2,6-Bis[1-(phenylimino)ethyl]pyridine (L¹) was synthesized with 70% yield by refluxing 2,6-diacetylpyridine with an excess of aniline in methanol in the presence of catalytic amounts of formic acid as described in [30]. ¹Н NMR spectrum (400 MHz, CDCl₃), δ, ppm: 2.40 s (6H, Me), 6.84 d (4H_Ar, J 7.9 Hz), 7.11 t (2H_Ar, J 7.3 Hz), 7.37 t (4H_Ar, J 7.7 Hz), 7.86 t (1H, H⁴_Py, J 7.8 Hz), 8.34 d (2H, H^3.5_Py, J 7.8 Hz).

[Fe(L¹)₂]SO₄·H₂O (1). A weighed portion of 1 mmol (0.28 g) of FeSO₄·7H₂O with addition of 0.1 g of ascorbic acid was dissolved with heating in 10 mL of water, and 2 mmol (0.62 g) of L¹ was dissolved in 10 mL of methylene chloride, the solutions were heated and mixed. The resulting red solution was evaporated until a precipitate began to form. After cooling the solution with the precipitate in a crystallizer with ice, the red-violet precipitate was filtered off, washed two times with small portions of water, and dried in air. Yield 20%. Found, %: C 63.5; H 5.6; N 9.2. C₄₂H₄₀FeN₆O₅S. Calculated,%: C 63.3; H 5.1; N 10.5.

[Fe(L¹)₂](ClO₄)₂ (2). Weighed portions of 1 mmol (0.28 g) of FeSO₄·7H₂O and 1 mmol (0.34 g) of Ba(ClO₄)₂ with addition of 0.1 g of ascorbic acid were dissolved separately with heating in 10 mL of water each, then the resulting solutions were mixed. The BaSO₄ precipitate was filtered off, and a solution of 2 mmol (0.62 g) of L¹ in 10 mL of methylene chloride was added to the resulting solution of Fe(ClO₄)₂. The resulting red solution was evaporated until a precipitate began to form.
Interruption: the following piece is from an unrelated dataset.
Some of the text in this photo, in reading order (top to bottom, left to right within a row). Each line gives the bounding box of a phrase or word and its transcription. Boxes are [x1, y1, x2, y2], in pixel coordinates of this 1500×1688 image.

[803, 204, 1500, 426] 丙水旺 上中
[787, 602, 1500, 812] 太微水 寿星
After cooling the solution with the precipitate in a crystallizer with ice, the red-violet precipitate was filtered off, washed two times with small portions of methylene chloride, and dried in air. Yield 11%. Found, %: C 57.7; H 4.4; N 9.4. C₄₂H₃₈Cl₂FeN₆O₈. Calculated, %: C 57.2; H 4.3; N 9.5.

[Cu(L¹)Cl₂] (3). A weighed portion of 1.5 mmol (0.27 g) of CuCl₂ was dissolved with heating in 5 mL of ethanol, and 3 mmol (0.93 g) of compound L¹—in 15 mL of methylene chloride; the solutions were mixed. To the resulting green solution, 10 mL of hexane was added. On cooling the solution, a green precipitate of the complex formed, which was washed two times with small portions of ethanol, and dried in air. Yield 55%. Found, %: C 55.9; H 4.3; N 9.2. C₂₁H₁₉Cl₂CuN₃. Calculated, %: C 56.3; H 4.3; N 9.4.
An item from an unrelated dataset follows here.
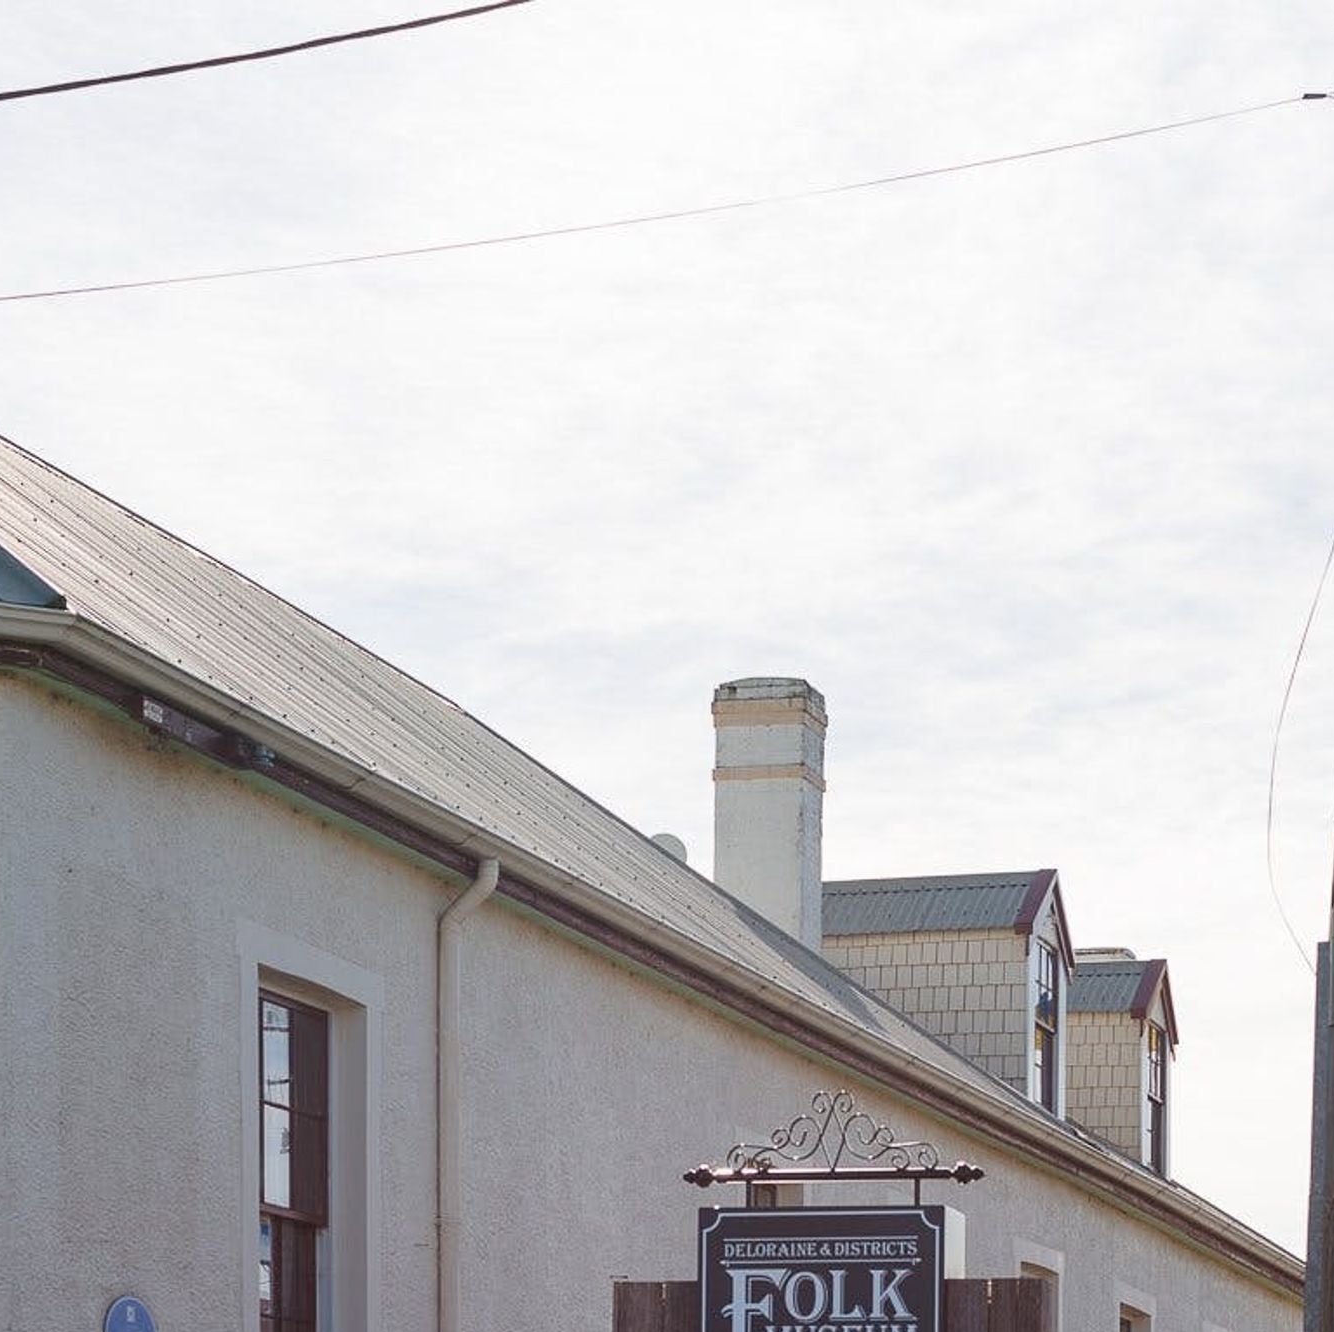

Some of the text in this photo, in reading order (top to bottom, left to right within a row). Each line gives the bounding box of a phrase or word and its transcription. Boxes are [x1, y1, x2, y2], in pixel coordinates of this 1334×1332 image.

[724, 1241, 918, 1258] DELORAINE & DISTRICTS
[Cu(L¹)₂]Br₂·2H₂O (4). Weighed portions of 0.5 mmol (0.11 g) of CuBr₂ and 1 mmol (0.31 g) of compound L¹ were dissolved with heating in 5 mL of ethanol and 10 mL of methylene chloride, respectively, and then the resulting solutions were mixed. The resulting brown solution was boiled to remove excess solvent. After cooling the solution in a crystallizer with ice, a brown precipitate formed, which was filtered off, washed two times with small portions of ethanol, and dried in air. Yield 48%. Found, %: C 56.5; H 4.5; N 9.6. C₄₂H₄₂Br₂CuN₆O₂. Calculated, %: C 56.9; H 4.8; N 9.5.